DIRAC and GridPP: an example with CERN@school - gridpp/dirac-getting-started GitHub Wiki

This guide presents a fully-worked example of using DIRAC for uploading, processing and analysing a dataset with the metadata functionality. The code and example dataset is taken from the CERN@school programme and provided with repository for convenience. The aim is that you can work through the example yourself before trying to use DIRAC with your own data.

##Prerequisites

In addition to DIRAC, make sure you have installed the numpy, json and argparse Python modules on your local system. You'll need these to run the scripts mentioned below.

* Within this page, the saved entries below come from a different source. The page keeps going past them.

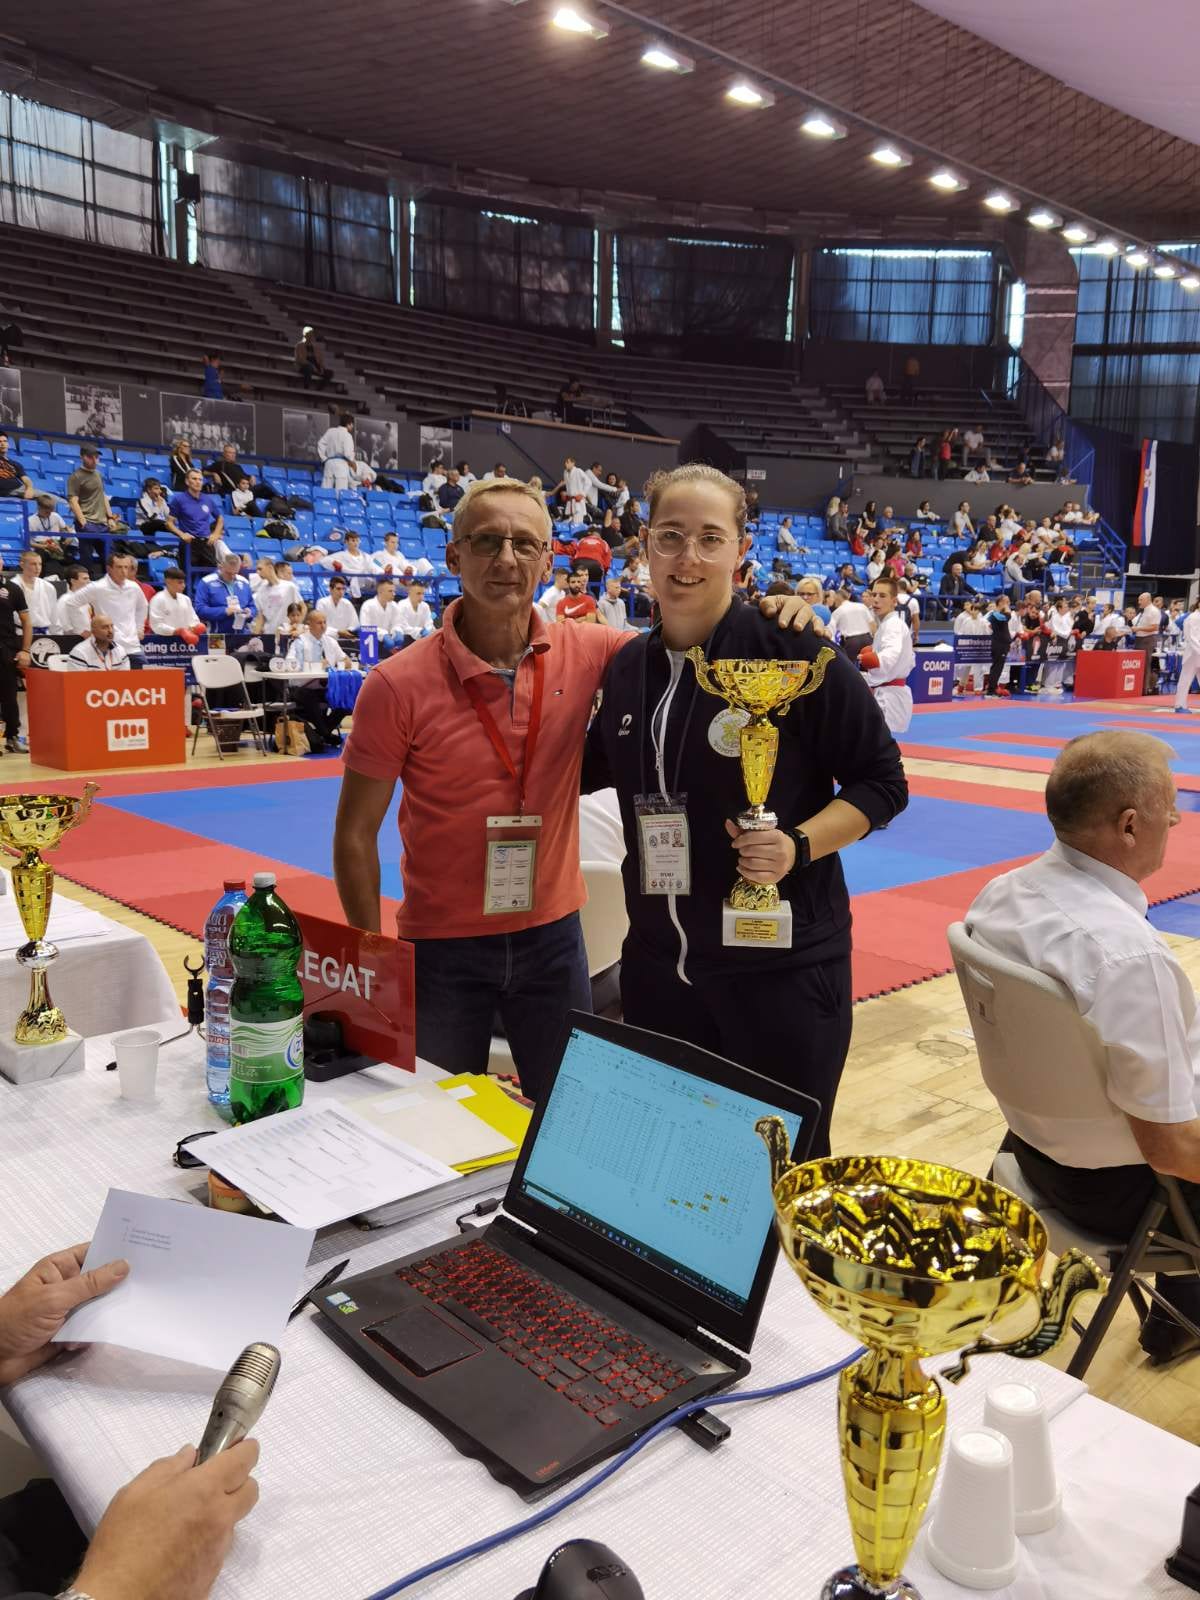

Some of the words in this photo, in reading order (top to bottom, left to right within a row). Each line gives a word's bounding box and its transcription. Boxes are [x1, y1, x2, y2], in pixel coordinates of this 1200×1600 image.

[141, 642, 168, 653] ding
[364, 634, 374, 658] 1
[922, 660, 951, 672] COACH
[1122, 659, 1141, 670] COACH
[86, 687, 167, 708] COACH

##Uploading the test dataset - frames Firstly we will need to upload some data. We have provided a test dataset in testdata/ASCIIxyC. This is direct output from a measurement made of the radiation produced by one of William Crookes' notebooks using one of the CERN@school detectors. The data (.txt) represents the pixel (x, y) position and the counts measured in each one-second exposure (frame). There are also accompanying detector settings files (.txt.dsc) for each frame. You don't have to worry too much about what's going on here - the CERN@school code provided provides Python wrapper classes and helpers for getting the data ready for the grid.

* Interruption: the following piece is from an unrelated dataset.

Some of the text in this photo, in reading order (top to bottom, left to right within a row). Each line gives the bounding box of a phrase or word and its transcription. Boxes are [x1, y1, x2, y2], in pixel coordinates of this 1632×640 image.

Once you have initialised your grid proxy with dirac-proxy-init, you can run the upload script. We will setup a few environment variables for convenience:

$ export MY_LOCAL_OUTPUT_DIR=tmp/       # A directory for local output.
$ mkdir $MY_LOCAL_OUTPUT_DIR            # <- Create it.
$ export SITE=LCG.Glasgow.uk            # Your favourite grid site.
$ export SE=GLASGOW-disk                # Your favourite Storage Element.
$ export DFC_OUTPUT_DIR=dirac-tutorial  # The DFC path for the uploaded data.
$ python upload_frames testdata/ASCIIxyC/ $MY_LOCAL_OUTPUT_DIR 001 $SITE $SE $DFC_OUTPUT_DIR/frames

(Note: you may need to uncomment the dirac.submit(j) line in upload_frames.py - though it doesn't hurt to practise running the script without actually submitting the job first.)

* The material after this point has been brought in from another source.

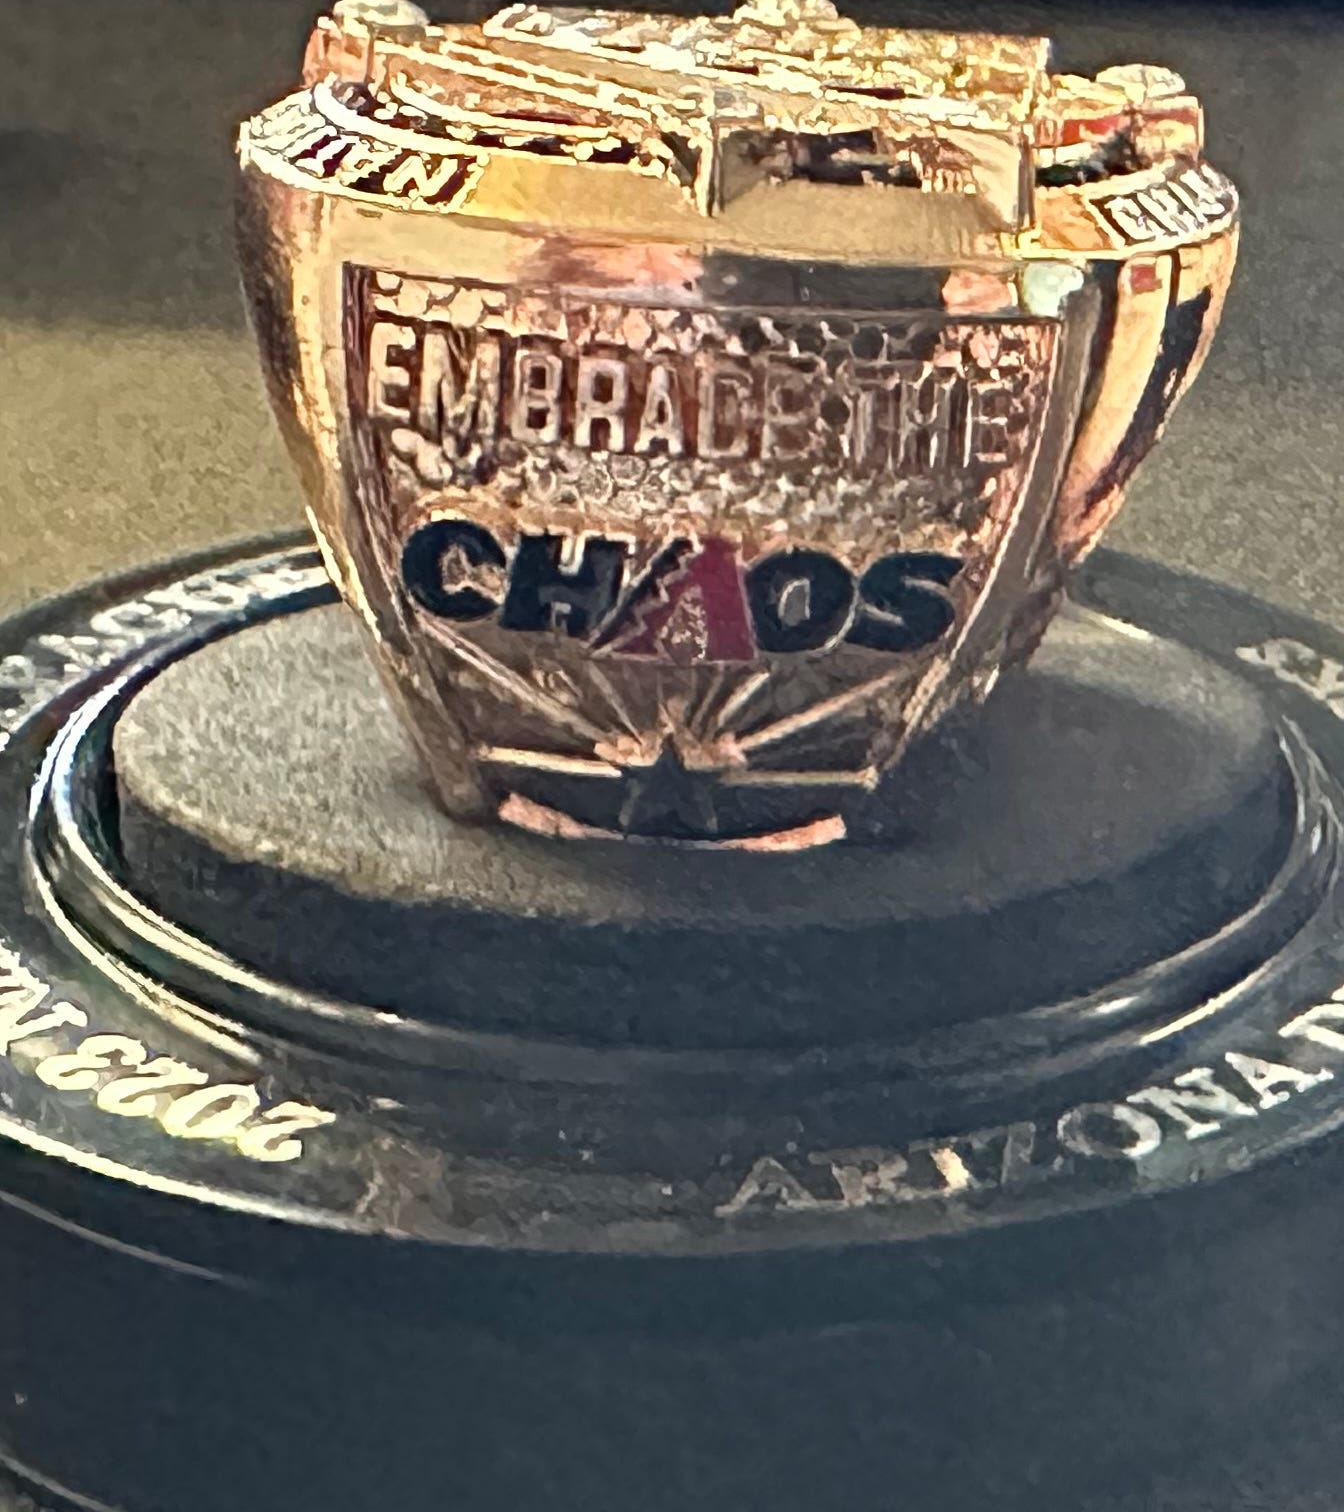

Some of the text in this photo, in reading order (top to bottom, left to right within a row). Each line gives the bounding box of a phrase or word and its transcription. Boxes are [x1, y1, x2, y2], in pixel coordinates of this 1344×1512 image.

[366, 320, 1010, 472] EMBRACE THE
[400, 516, 966, 662] CHAOS
[35, 1033, 338, 1163] 2023

You should see some information about what the script did and the result of the job submission via DIRAC. If all went well, you should also be able to monitor the job's process on the DIRAC web portal. Once the job has finished running, you can check that the data has uploaded and registered in the DFC using the File Catalog Client:

$ dirac-dms-filecatalog-cli
Starting FileCatalog client

File Catalog Client $Revision 1.17 $Date:

FC:/>cd /cernatschool/user/t/t.whyntie/dirac-tutorial/frames
FC:/cernatschool.org/user/t.whyntie/dirac-tutorial/frames>ls
B06-W0212_1371575424-293207.txt
B06-W0212_1371575425-337648.txt
B06-W0212_1371575426-414549.txt
B06-W0212_1371575427-489662.txt
B06-W0212_1371575428-551945.txt

If you can see the five frames, congratulations! You've uploaded data to the grid using the DIRAC Python API. Now let's add some metadata to them.

##Adding the metadata - frames DIRAC is able to assign the data describing the data - the metadata - via the FileCatalogClient in the Python API. The previous script created a JSON file containing frame metadata in the folder you specified with the $MY_LOCAL_OUTPUT_DIR environment variable. Assigning metadata is done directly via the DIRAC API and so no grid job is required. However, we do need to supply your DIRAC DFC home directory, which will depend on your VO name and DIRAC username:

$ export DFC_HOME=/cernatschool.org/user/t/t.whyntie/

Then you can run the following script:

$ python add_frame_metadata.py $MY_LOCAL_OUTPUT_DIR/B06-W0212_1371575424-293207.json $MY_LOCAL_OUTPUT_DIR $DFC_HOME$DFC_OUTPUT_DIR/frames

You check if this has worked, you can use the File Catalog Client command line tool to inspect the metadata properties of each frame:

FC:/>cd /cernatschool/user/t/t.whyntie/dirac-tutorial/frames
FC:/cernatschool/user/t/t.whyntie/dirac-tutorial/frames>meta get B06-W0212_1371575424-293207.txt
             n_pixel : 735
...
          start_time : 1371575424

(Note: the metadata indices for the CERN@school data have already been added to DIRAC. When you're ready to add your own data and metadata indices, you'll need to follow the instructions here.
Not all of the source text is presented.